Write out each record below, word for word.

[Saved data entries]
- Opening Delimiter -

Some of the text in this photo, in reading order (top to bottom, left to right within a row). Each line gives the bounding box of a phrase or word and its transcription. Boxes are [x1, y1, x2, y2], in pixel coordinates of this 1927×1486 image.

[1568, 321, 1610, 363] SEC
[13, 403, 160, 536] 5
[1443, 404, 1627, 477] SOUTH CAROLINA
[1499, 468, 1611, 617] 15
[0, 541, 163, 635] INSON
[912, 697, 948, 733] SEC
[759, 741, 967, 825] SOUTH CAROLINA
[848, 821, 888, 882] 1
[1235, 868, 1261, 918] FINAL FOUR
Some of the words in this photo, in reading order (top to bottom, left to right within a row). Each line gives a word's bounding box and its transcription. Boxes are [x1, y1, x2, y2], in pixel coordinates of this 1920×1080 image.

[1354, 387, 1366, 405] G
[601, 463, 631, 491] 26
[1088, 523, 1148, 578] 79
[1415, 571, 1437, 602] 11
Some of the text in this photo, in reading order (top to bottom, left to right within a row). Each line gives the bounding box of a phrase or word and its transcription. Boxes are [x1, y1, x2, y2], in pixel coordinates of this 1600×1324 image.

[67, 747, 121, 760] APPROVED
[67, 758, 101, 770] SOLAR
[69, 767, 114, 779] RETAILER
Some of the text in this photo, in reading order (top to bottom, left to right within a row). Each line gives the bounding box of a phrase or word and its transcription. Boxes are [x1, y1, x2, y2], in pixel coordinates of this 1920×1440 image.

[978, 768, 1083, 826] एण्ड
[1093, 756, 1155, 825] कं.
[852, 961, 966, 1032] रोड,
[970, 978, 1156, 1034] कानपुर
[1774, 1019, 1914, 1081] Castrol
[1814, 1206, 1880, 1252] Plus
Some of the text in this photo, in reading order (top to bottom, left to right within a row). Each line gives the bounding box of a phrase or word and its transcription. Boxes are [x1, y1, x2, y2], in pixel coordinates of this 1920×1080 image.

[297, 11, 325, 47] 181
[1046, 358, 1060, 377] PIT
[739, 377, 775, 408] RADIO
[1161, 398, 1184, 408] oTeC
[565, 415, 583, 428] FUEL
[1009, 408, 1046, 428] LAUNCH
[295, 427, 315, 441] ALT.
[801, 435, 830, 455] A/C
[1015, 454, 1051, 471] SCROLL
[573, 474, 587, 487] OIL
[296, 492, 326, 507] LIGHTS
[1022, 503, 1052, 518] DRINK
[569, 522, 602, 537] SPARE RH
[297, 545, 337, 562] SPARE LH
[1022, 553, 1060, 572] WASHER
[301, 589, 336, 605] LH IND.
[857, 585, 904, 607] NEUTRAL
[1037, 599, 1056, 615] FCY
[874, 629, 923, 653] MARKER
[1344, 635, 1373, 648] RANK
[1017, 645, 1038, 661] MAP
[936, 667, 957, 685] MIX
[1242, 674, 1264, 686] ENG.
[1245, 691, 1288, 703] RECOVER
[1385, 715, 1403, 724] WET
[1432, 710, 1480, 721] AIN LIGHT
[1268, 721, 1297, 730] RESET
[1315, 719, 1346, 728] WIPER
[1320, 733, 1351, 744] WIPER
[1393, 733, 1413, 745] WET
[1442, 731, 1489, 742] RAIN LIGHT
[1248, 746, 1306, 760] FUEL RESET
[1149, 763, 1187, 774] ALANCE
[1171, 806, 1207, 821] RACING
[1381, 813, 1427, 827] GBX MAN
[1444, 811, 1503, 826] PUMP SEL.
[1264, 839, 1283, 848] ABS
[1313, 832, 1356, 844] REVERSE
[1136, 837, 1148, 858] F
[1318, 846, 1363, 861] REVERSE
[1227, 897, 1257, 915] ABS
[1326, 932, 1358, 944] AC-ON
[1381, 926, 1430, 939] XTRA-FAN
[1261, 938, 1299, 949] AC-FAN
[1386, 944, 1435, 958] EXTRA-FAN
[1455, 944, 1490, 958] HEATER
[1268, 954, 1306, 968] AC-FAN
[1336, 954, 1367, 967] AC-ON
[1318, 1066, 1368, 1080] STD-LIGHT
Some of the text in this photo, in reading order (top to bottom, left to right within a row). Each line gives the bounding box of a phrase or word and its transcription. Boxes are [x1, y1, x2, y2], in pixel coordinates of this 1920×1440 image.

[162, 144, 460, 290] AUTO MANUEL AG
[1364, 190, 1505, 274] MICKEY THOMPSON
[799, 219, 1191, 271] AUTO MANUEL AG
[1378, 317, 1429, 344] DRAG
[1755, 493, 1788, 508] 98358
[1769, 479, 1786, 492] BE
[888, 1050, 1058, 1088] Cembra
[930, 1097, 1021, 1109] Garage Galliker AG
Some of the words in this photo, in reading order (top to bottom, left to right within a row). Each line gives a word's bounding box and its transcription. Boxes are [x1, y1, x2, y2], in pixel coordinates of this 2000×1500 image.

- Closing Delimiter -

> **Exercise result**
Some of the text in this photo, in reading order (top to bottom, left to right within a row). Each line gives the bounding box of a phrase or word and its transcription. Boxes are [x1, y1, x2, y2], in pixel coordinates of this 1927×1486 image.

[1568, 321, 1610, 363] SEC
[13, 403, 160, 536] 5
[1443, 404, 1627, 477] SOUTH CAROLINA
[1499, 468, 1611, 617] 15
[0, 541, 163, 635] INSON
[912, 697, 948, 733] SEC
[759, 741, 967, 825] SOUTH CAROLINA
[848, 821, 888, 882] 1
[1235, 868, 1261, 918] FINAL FOUR
Some of the words in this photo, in reading order (top to bottom, left to right within a row). Each line gives a word's bounding box and its transcription. Boxes are [x1, y1, x2, y2], in pixel coordinates of this 1920×1080 image.

[1354, 387, 1366, 405] G
[601, 463, 631, 491] 26
[1088, 523, 1148, 578] 79
[1415, 571, 1437, 602] 11
Some of the text in this photo, in reading order (top to bottom, left to right within a row). Each line gives the bounding box of a phrase or word and its transcription. Boxes are [x1, y1, x2, y2], in pixel coordinates of this 1600×1324 image.

[67, 747, 121, 760] APPROVED
[67, 758, 101, 770] SOLAR
[69, 767, 114, 779] RETAILER
Some of the text in this photo, in reading order (top to bottom, left to right within a row). Each line gives the bounding box of a phrase or word and its transcription. Boxes are [x1, y1, x2, y2], in pixel coordinates of this 1920×1440 image.

[978, 768, 1083, 826] एण्ड
[1093, 756, 1155, 825] कं.
[852, 961, 966, 1032] रोड,
[970, 978, 1156, 1034] कानपुर
[1774, 1019, 1914, 1081] Castrol
[1814, 1206, 1880, 1252] Plus
Some of the text in this photo, in reading order (top to bottom, left to right within a row). Each line gives the bounding box of a phrase or word and its transcription. Boxes are [x1, y1, x2, y2], in pixel coordinates of this 1920×1080 image.

[297, 11, 325, 47] 181
[1046, 358, 1060, 377] PIT
[739, 377, 775, 408] RADIO
[1161, 398, 1184, 408] oTeC
[565, 415, 583, 428] FUEL
[1009, 408, 1046, 428] LAUNCH
[295, 427, 315, 441] ALT.
[801, 435, 830, 455] A/C
[1015, 454, 1051, 471] SCROLL
[573, 474, 587, 487] OIL
[296, 492, 326, 507] LIGHTS
[1022, 503, 1052, 518] DRINK
[569, 522, 602, 537] SPARE RH
[297, 545, 337, 562] SPARE LH
[1022, 553, 1060, 572] WASHER
[301, 589, 336, 605] LH IND.
[857, 585, 904, 607] NEUTRAL
[1037, 599, 1056, 615] FCY
[874, 629, 923, 653] MARKER
[1344, 635, 1373, 648] RANK
[1017, 645, 1038, 661] MAP
[936, 667, 957, 685] MIX
[1242, 674, 1264, 686] ENG.
[1245, 691, 1288, 703] RECOVER
[1385, 715, 1403, 724] WET
[1432, 710, 1480, 721] AIN LIGHT
[1268, 721, 1297, 730] RESET
[1315, 719, 1346, 728] WIPER
[1320, 733, 1351, 744] WIPER
[1393, 733, 1413, 745] WET
[1442, 731, 1489, 742] RAIN LIGHT
[1248, 746, 1306, 760] FUEL RESET
[1149, 763, 1187, 774] ALANCE
[1171, 806, 1207, 821] RACING
[1381, 813, 1427, 827] GBX MAN
[1444, 811, 1503, 826] PUMP SEL.
[1264, 839, 1283, 848] ABS
[1313, 832, 1356, 844] REVERSE
[1136, 837, 1148, 858] F
[1318, 846, 1363, 861] REVERSE
[1227, 897, 1257, 915] ABS
[1326, 932, 1358, 944] AC-ON
[1381, 926, 1430, 939] XTRA-FAN
[1261, 938, 1299, 949] AC-FAN
[1386, 944, 1435, 958] EXTRA-FAN
[1455, 944, 1490, 958] HEATER
[1268, 954, 1306, 968] AC-FAN
[1336, 954, 1367, 967] AC-ON
[1318, 1066, 1368, 1080] STD-LIGHT
Some of the text in this photo, in reading order (top to bottom, left to right within a row). Each line gives the bounding box of a phrase or word and its transcription. Boxes are [x1, y1, x2, y2], in pixel coordinates of this 1920×1440 image.

[162, 144, 460, 290] AUTO MANUEL AG
[1364, 190, 1505, 274] MICKEY THOMPSON
[799, 219, 1191, 271] AUTO MANUEL AG
[1378, 317, 1429, 344] DRAG
[1755, 493, 1788, 508] 98358
[1769, 479, 1786, 492] BE
[888, 1050, 1058, 1088] Cembra
[930, 1097, 1021, 1109] Garage Galliker AG
Some of the words in this photo, in reading order (top to bottom, left to right within a row). Each line gives a word's bounding box and its transcription. Boxes are [x1, y1, x2, y2], in pixel coordinates of this 2000×1500 image.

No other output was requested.